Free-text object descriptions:
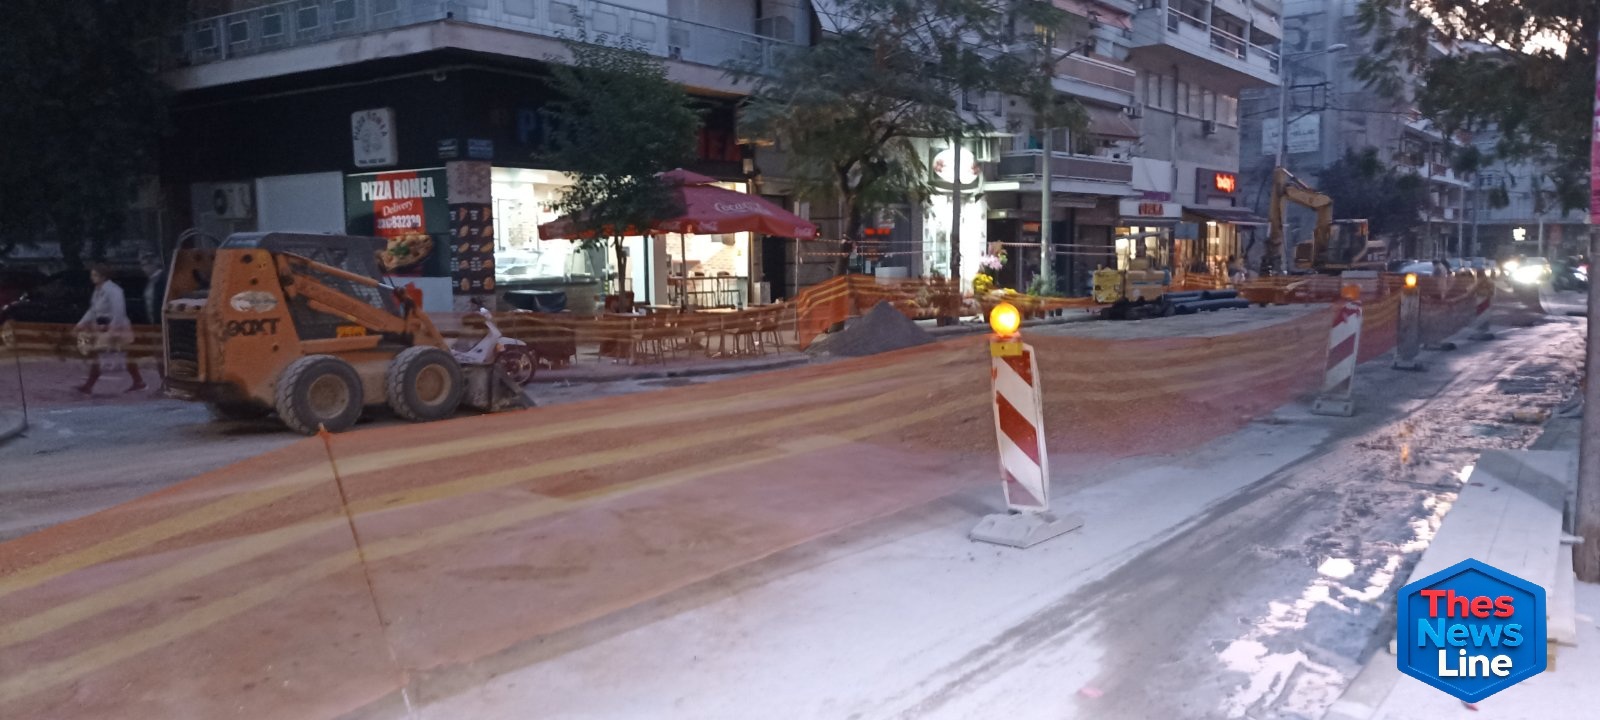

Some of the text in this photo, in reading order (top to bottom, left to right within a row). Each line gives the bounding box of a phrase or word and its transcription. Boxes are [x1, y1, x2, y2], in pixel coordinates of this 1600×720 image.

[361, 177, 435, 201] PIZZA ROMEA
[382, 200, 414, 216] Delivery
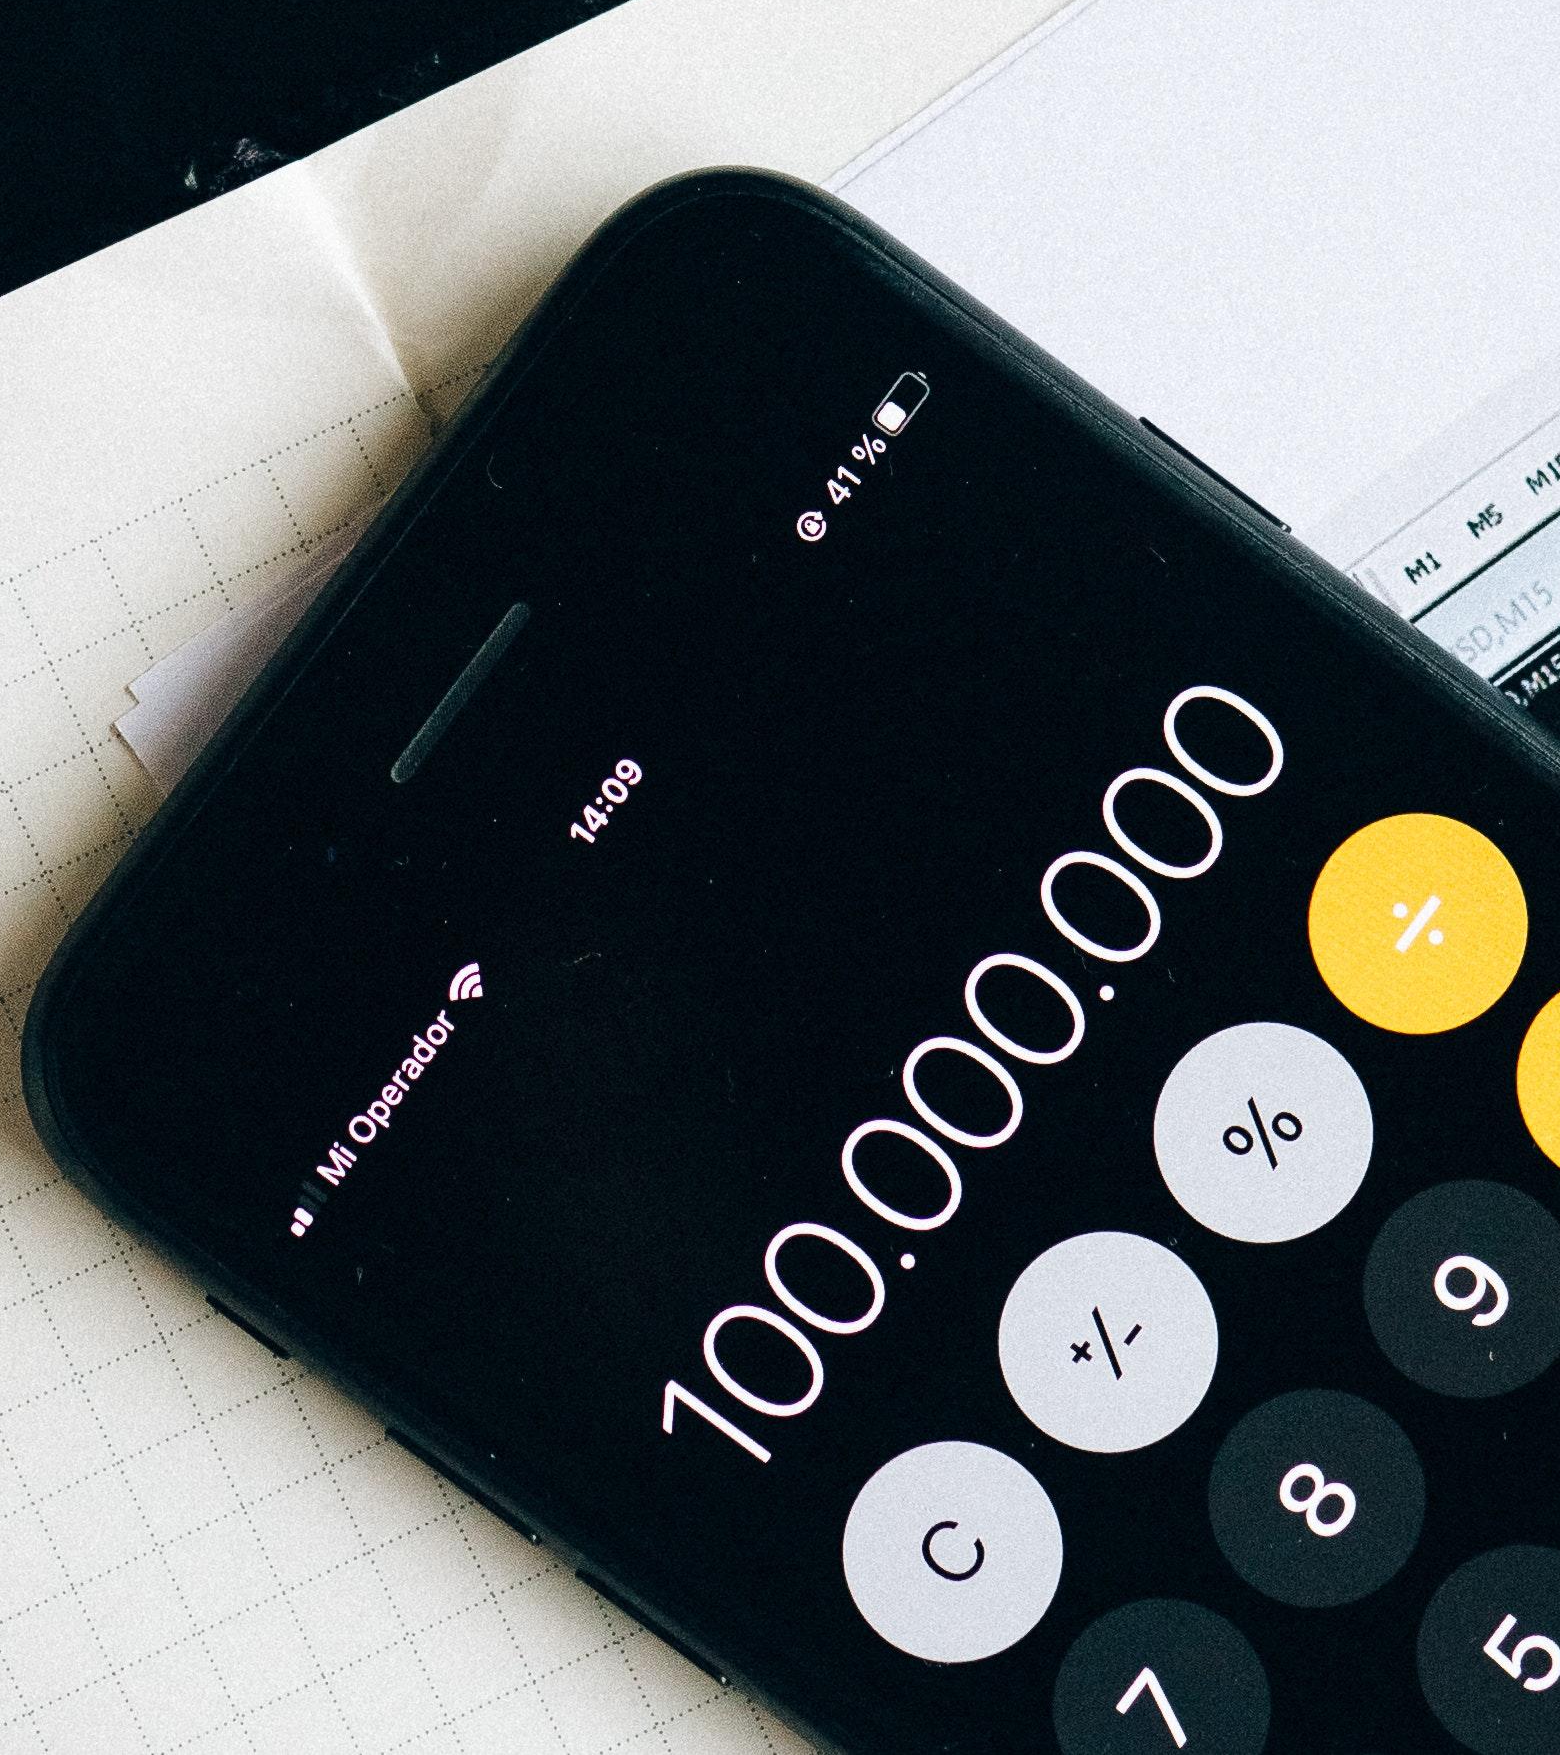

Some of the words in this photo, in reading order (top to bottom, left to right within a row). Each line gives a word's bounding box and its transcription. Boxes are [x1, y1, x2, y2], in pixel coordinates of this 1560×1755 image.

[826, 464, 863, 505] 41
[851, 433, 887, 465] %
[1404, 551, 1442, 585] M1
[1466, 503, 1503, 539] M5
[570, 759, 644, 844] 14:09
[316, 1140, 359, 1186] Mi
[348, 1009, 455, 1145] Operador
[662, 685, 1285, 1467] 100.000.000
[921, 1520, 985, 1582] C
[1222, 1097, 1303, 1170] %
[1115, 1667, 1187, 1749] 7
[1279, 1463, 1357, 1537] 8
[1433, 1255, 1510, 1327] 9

BRIEF ▸
If pictures appear in the data, omit them and copy all other parts exactly.

ANSWER SECTION ▸
Some of the text in this photo, in reading order (top to bottom, left to right within a row). Each line gives the bounding box of a phrase or word and its transcription. Boxes are [x1, y1, x2, y2], in pixel coordinates of this 1600×720 image.

[361, 177, 435, 201] PIZZA ROMEA
[382, 200, 414, 216] Delivery

Some of the words in this photo, in reading order (top to bottom, left to right within a row). Each line gives a word's bounding box and its transcription. Boxes are [x1, y1, x2, y2], in pixel coordinates of this 1560×1755 image.

[826, 464, 863, 505] 41
[851, 433, 887, 465] %
[1404, 551, 1442, 585] M1
[1466, 503, 1503, 539] M5
[570, 759, 644, 844] 14:09
[316, 1140, 359, 1186] Mi
[348, 1009, 455, 1145] Operador
[662, 685, 1285, 1467] 100.000.000
[921, 1520, 985, 1582] C
[1222, 1097, 1303, 1170] %
[1115, 1667, 1187, 1749] 7
[1279, 1463, 1357, 1537] 8
[1433, 1255, 1510, 1327] 9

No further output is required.